| Literature DB >> 26290793 |
Rose L Andrew1, Arianne Y K Albert2, Sebastien Renaut3, Diana J Rennison4, Dan G Bock4, Tim Vines5.
Abstract
Data are the foundation of empirical research, yet all too often the datasets underlying published papers are unavailable, incorrect, or poorly curated. This is a serious issue, because future researchers are then unable to validate published results or reuse data to explore new ideas and hypotheses.
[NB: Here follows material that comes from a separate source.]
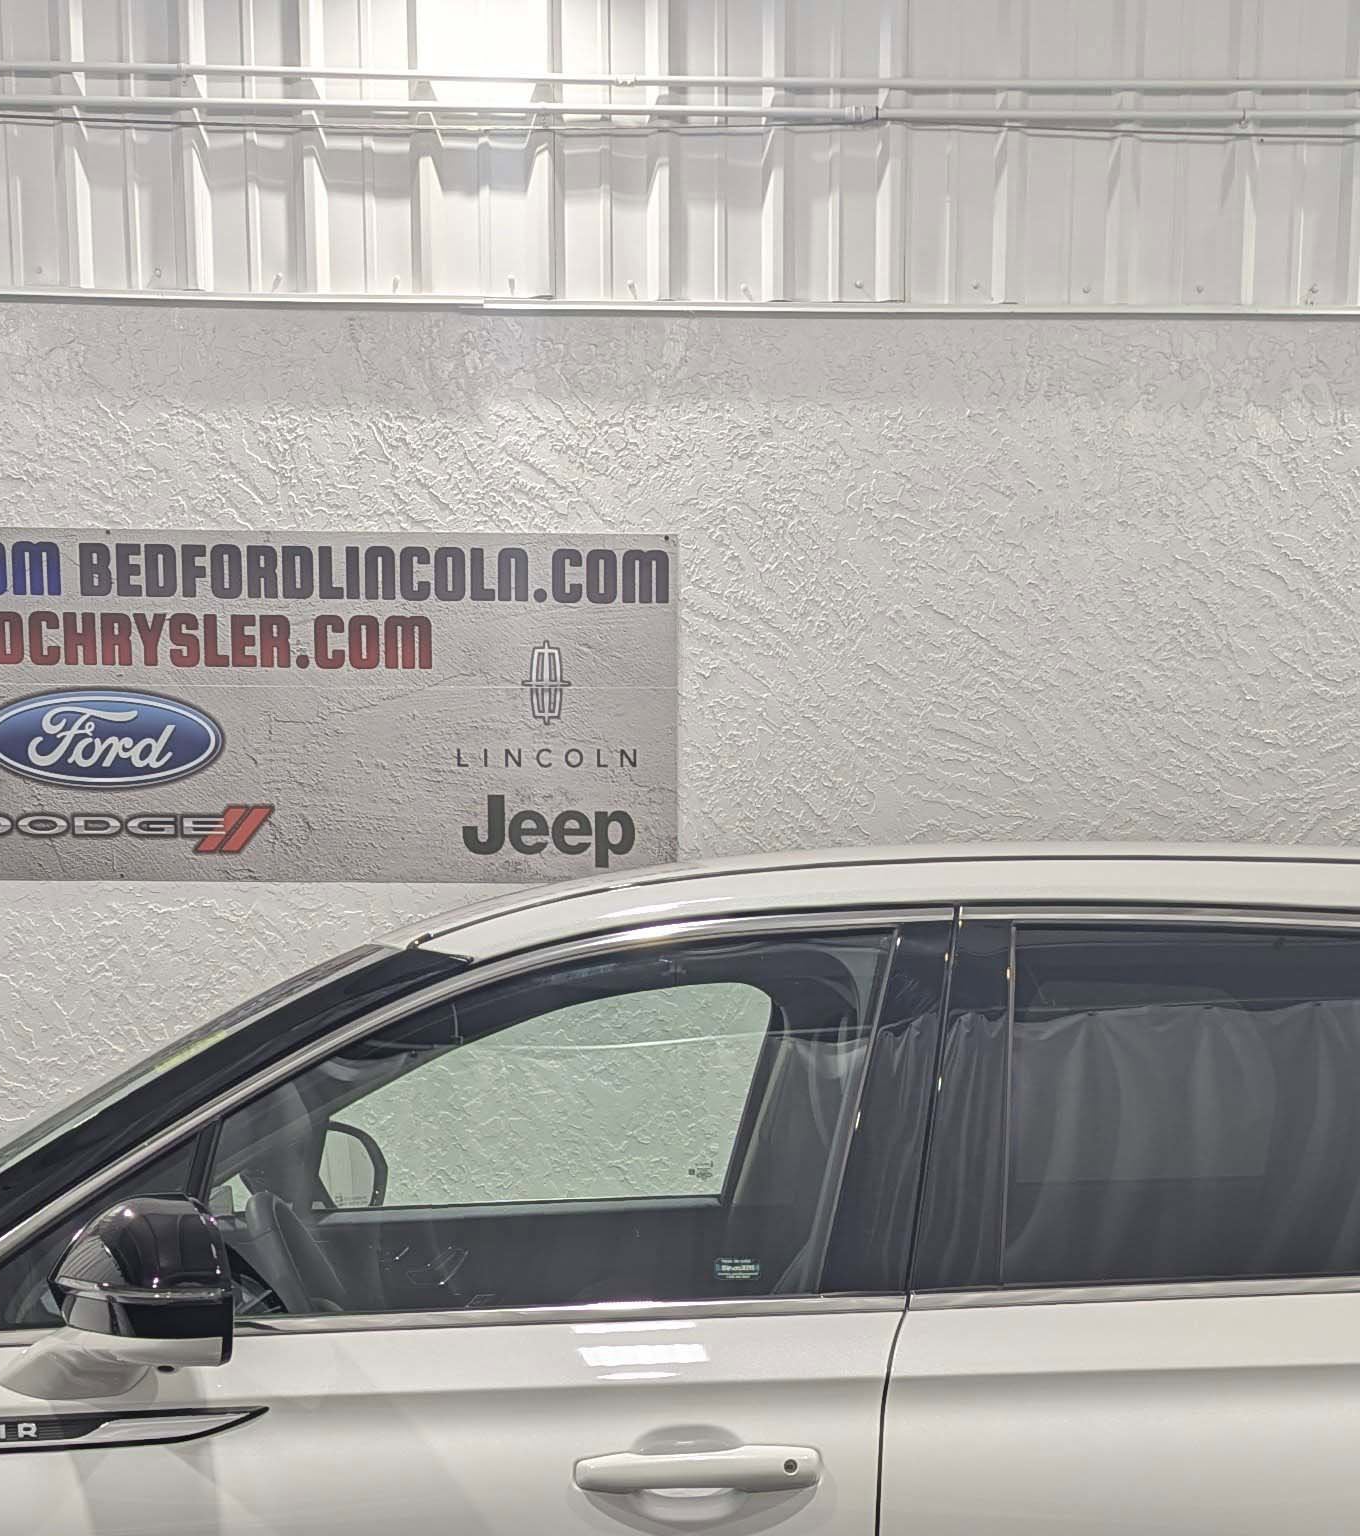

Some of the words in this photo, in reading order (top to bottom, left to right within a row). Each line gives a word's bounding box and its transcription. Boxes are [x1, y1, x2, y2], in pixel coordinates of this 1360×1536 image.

Even if data files are securely stored and accessible, they must also be accompanied by accurate labels and identifiers. To assess how often problems with metadata or data curation affect the reproducibility of published results, we attempted to reproduce Discriminant Function Analyses (DFAs) from the field of organismal biology. DFA is a commonly used statistical analysis that has changed little since its inception almost eight decades ago, and therefore provides an opportunity to test reproducibility among datasets of varying ages. Out of 100 papers we initially surveyed, fourteen were excluded because they did not present the common types of quantitative result from their DFA or gave insufficient details of their DFA. Of the remaining 86 datasets, there were 15 cases for which we were unable to confidently relate the dataset we received to the one used in the published analysis. The reasons ranged from incomprehensible or absent variable labels, the DFA being performed on an unspecified subset of the data, or the dataset we received being incomplete. We focused on reproducing three common summary statistics from DFAs: the percent variance explained, the percentage correctly assigned and the largest discriminant function coefficient. The reproducibility of the first two was fairly high (20 of 26, and 44 of 60 datasets, respectively), whereas our success rate with the discriminant function coefficients was lower (15 of 26 datasets). When considering all three summary statistics, we were able to completely reproduce 46 (65%) of 71 datasets. While our results show that a majority of studies are reproducible, they highlight the fact that many studies still are not the carefully curated research that the scientific community and public expects.Entities:
Keywords: Data archiving; Data curation; Repeatability; Statistics
Year: 2015 PMID: 26290793 PMCID: PMC4540019 DOI: 10.7717/peerj.1137
Source DB: PubMed Journal: PeerJ ISSN: 2167-8359 Impact factor: 2.984
Summary of papers excluded from or included in the study, in total and listed by the statistical software originally used to analyse the data.
Those included in the study are further broken down by the reasons that reanalysis was not attempted or by the results of the reanalysis. The reanalysis outcome was classified as a complete match when all reanalyzed summary statistics were within 1% of the published values, a partial match when at least one (but not all) met this criterion, and no match when none met this criterion. The metrics considered were PVE, a discriminant function coefficient, and PAC.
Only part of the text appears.